A training module: the system is used for training the original training sample and the synthesized training sample to a focus detection model, and carrying out weight adjustment on the capability of acquiring information by the mode in the training process to finally reach a preset termination condition position, thereby completing the training of the focus segmentation detection model.

The embodiment of the invention has the following beneficial effects: by the image segmentation method provided by the invention, the problem of insufficient data samples can be solved by generating the countermeasure network to expand the small sample image data, more focus image information can be obtained by multi-modal image registration and fusion, and the accuracy of image segmentation is improved.

Drawings

FIG. 1 is a schematic flow diagram of the process of the present invention;

FIG. 2 is a schematic overview of the process of the present invention;

FIG. 3 is a flow chart of a generation countermeasure network for data augmentation;

FIG. 4 is a diagram of a transform-based U-type semantic segmentation network during segmentation.

Detailed Description

In order to make the objects, technical solutions and advantages of the present invention more apparent, the present invention will be described in further detail with reference to the accompanying drawings.

As shown in fig. 1 and fig. 2, the method performs image augmentation training on a multi-modal image by generating a countermeasure, extracts different feature information under multiple modalities by multi-modality fusion, and finally puts the fused image into a semantic segmentation network constructed by a Transformer to segment the image, thereby finally obtaining a prediction result.

First, a data expansion operation is performed on the multi-modal image. The image data augmentation comprises image deformation, Gaussian filtering denoising, image scaling, generation of antagonistic image augmentation and the like, and the specific operations are as follows: if deformation and scaling are used, specifically, the deformation and scaling are realized by a resize function, a rotate function and other functions;

the specific operations for generating the image augmentation of the countermeasure network as shown in fig. 3 are as follows: taking out a sample containing a focus and a sample without the focus from the multi-modal CT medical image, and inputting the samples into a generated countermeasure together to obtain an artificial sample similar to real data; and adding the artificial sample into the real data to obtain a mixed data set. The embodiment of the invention mainly comprises the following implementation steps:

step 1: acquiring a medical image data set;

step 2: the data is concentrated to distinguish a data sample containing focus information and a data sample without the focus information;

and 3, step 3: taking a data sample containing focus information and a data sample not containing the focus information as a pair of inputs, adding the inputs into a generated countermeasure network, and training to obtain an artificial sample;

and 4, step 4: and adding the obtained artificial sample into the data and mixing the artificial sample into the data set.
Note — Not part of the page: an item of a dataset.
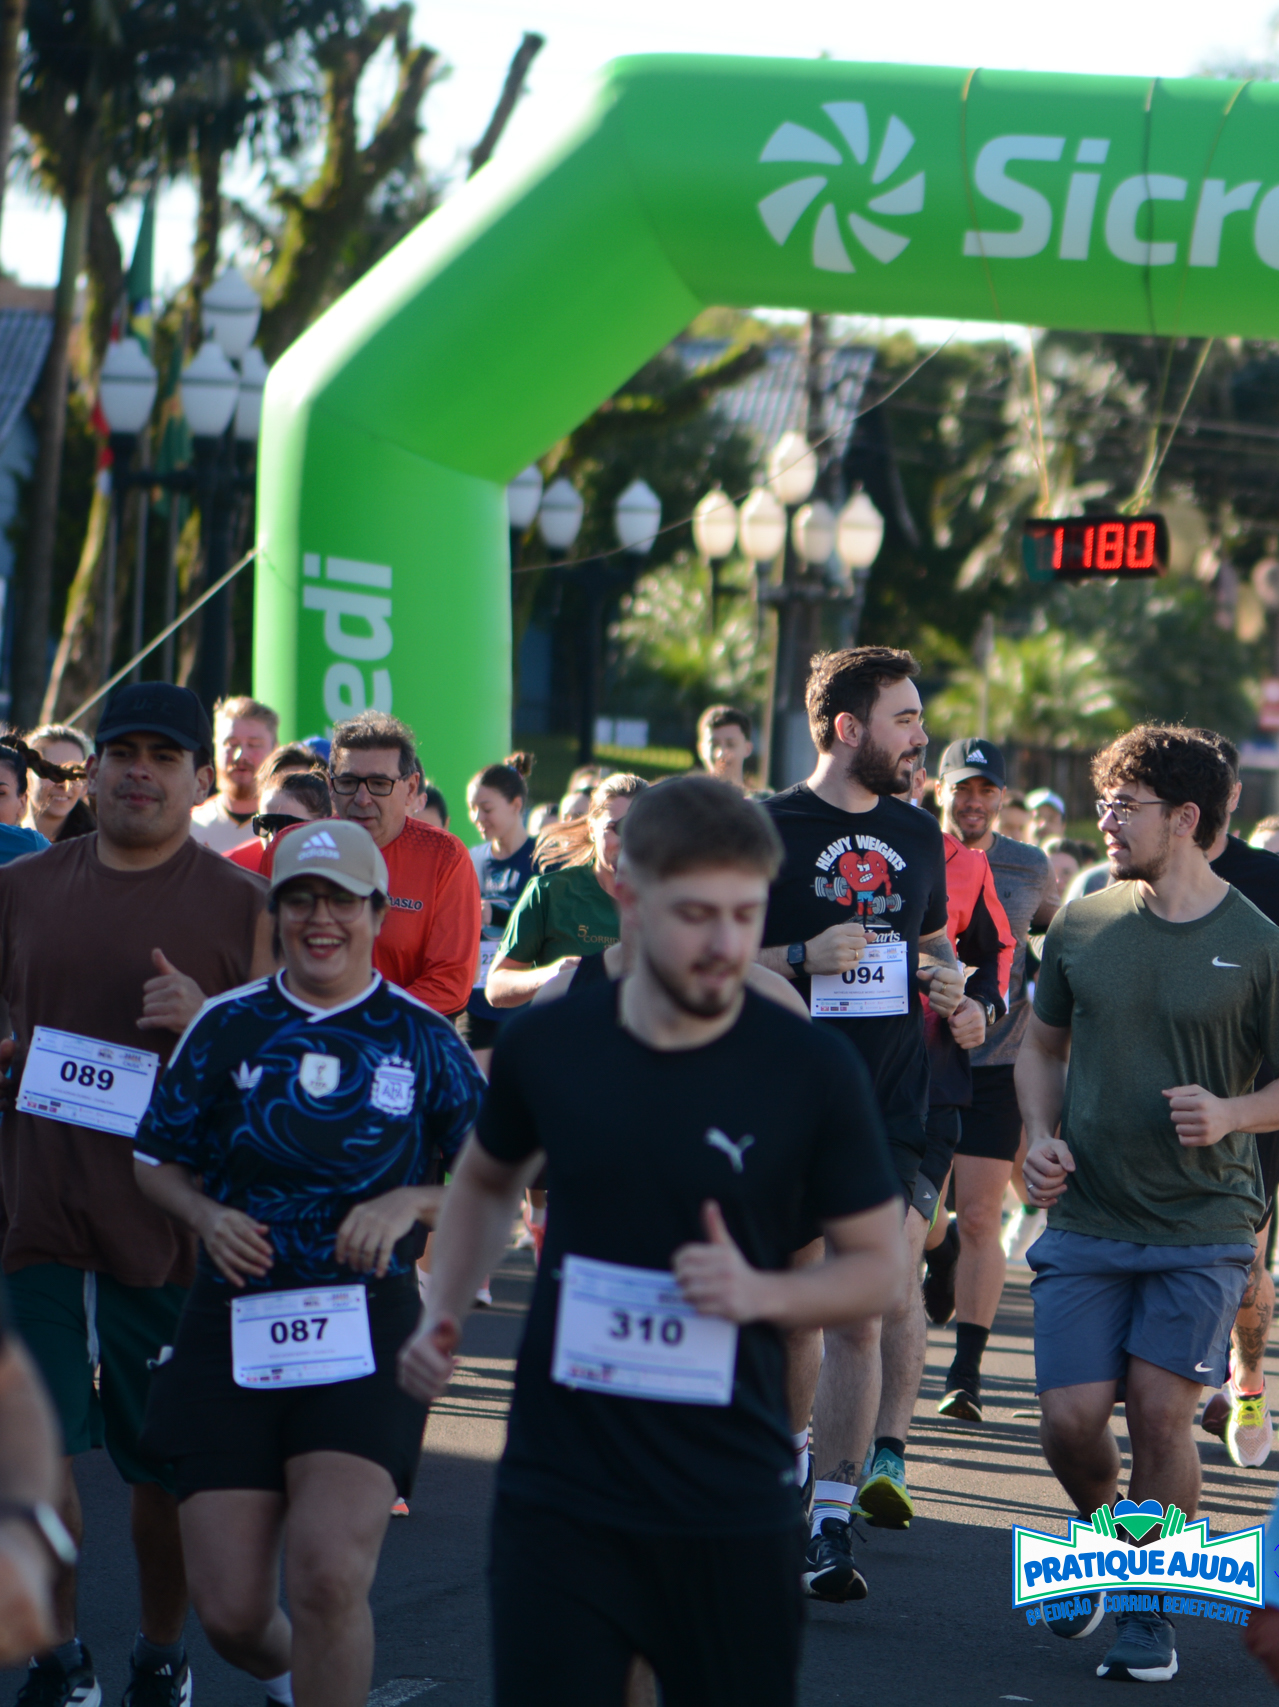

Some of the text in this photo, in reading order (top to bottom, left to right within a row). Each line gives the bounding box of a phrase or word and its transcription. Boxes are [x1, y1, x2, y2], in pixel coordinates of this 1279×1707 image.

GAN is an unsupervised learning method that learns by letting two neural networks game each other. The GAN is composed of a generation network and a discrimination network. The generated network is used as random sampling input from a potential space, and the output result imitates real samples in a training set as much as possible. The input of the discrimination network is the real sample or the output of the generation network, and the purpose is to distinguish the output of the generation network from the real sample as much as possible. The role of the generation network is to spoof the discrimination network as much as possible.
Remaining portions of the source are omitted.